▶ [ASSIGNMENT] Down to the last line, print the entries below exactly, and keep every picture out of the copy.

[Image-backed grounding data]
────────
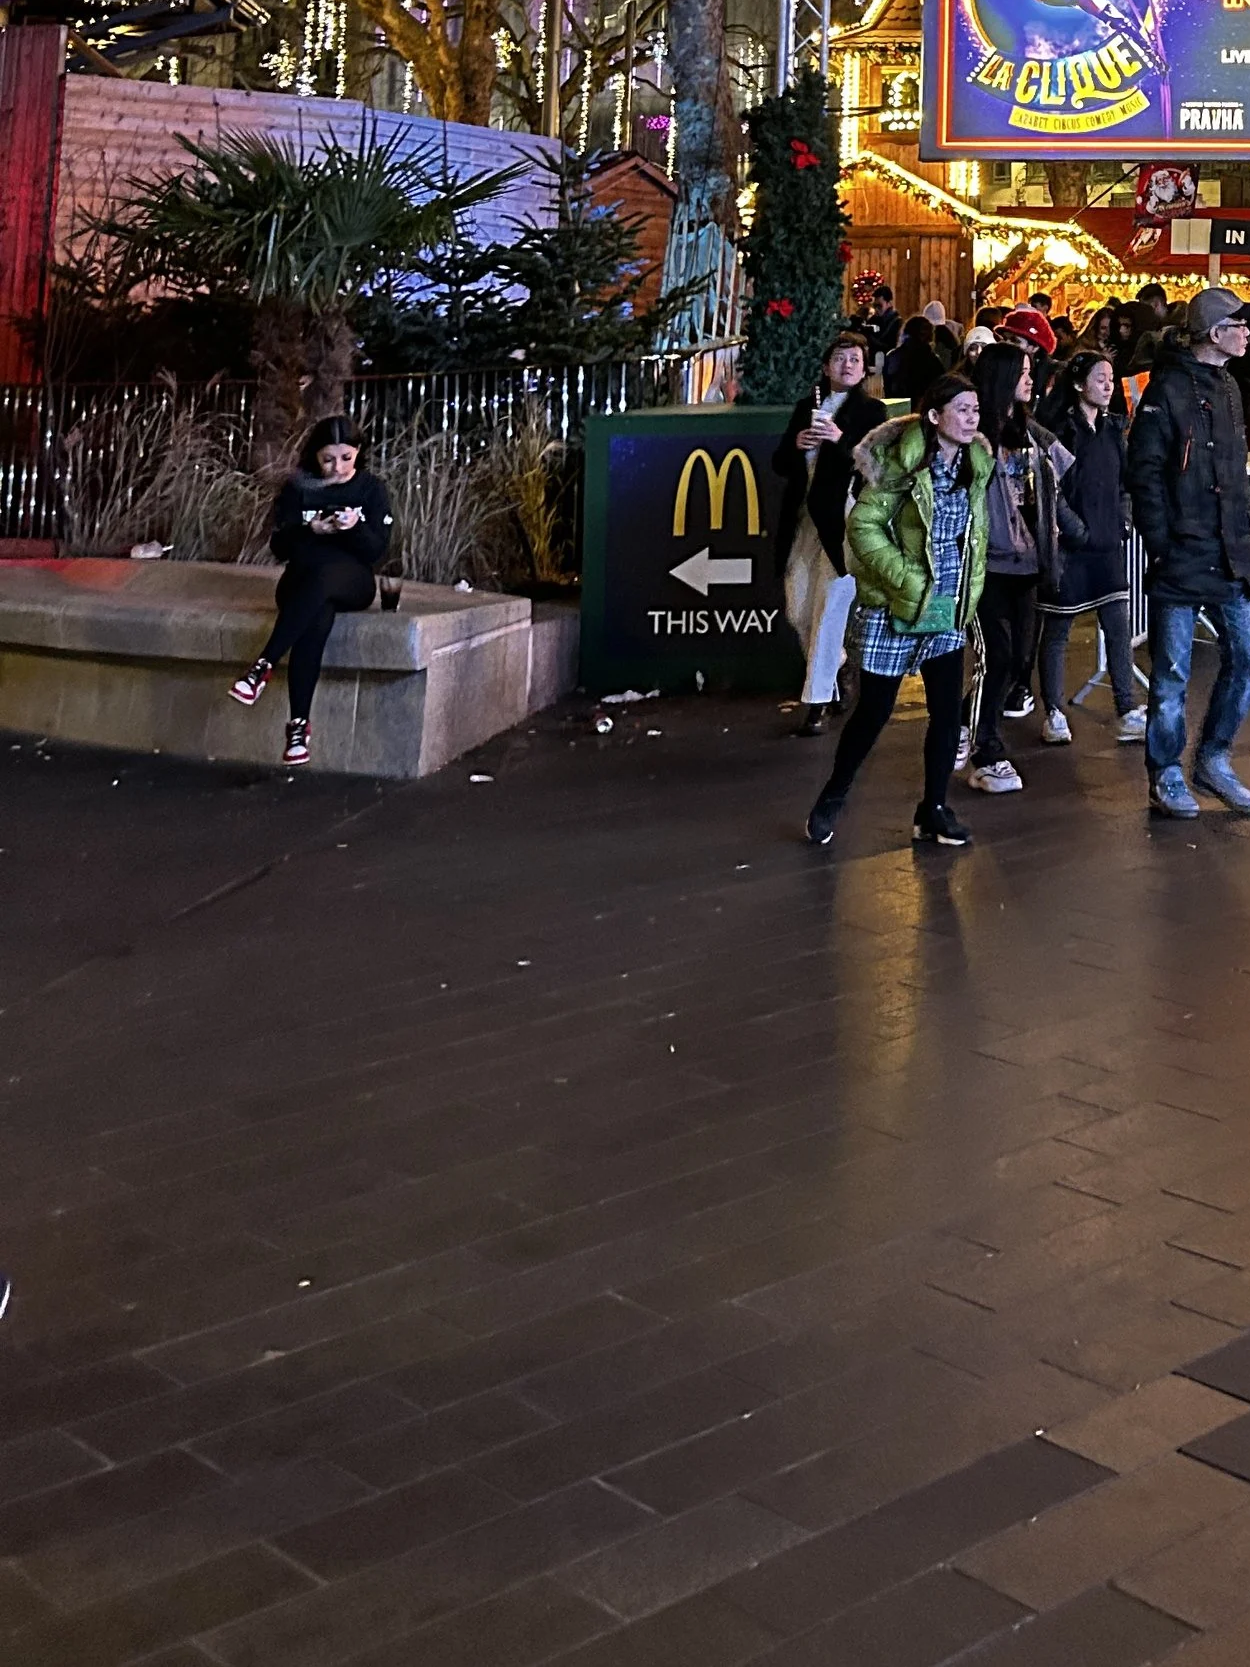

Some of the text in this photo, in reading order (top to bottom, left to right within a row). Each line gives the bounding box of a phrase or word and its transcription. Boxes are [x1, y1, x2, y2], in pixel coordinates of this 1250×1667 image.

[976, 33, 1143, 109] LA CLIQUE
[1180, 108, 1244, 131] PRAVHA
[1225, 229, 1245, 245] IN
[647, 609, 779, 634] THIS WAY
────────
▶ [EXPECTED OUTPUT]
Some of the text in this photo, in reading order (top to bottom, left to right within a row). Each line gives the bounding box of a phrase or word and its transcription. Boxes are [x1, y1, x2, y2], in pixel coordinates of this 1250×1667 image.

[976, 33, 1143, 109] LA CLIQUE
[1180, 108, 1244, 131] PRAVHA
[1225, 229, 1245, 245] IN
[647, 609, 779, 634] THIS WAY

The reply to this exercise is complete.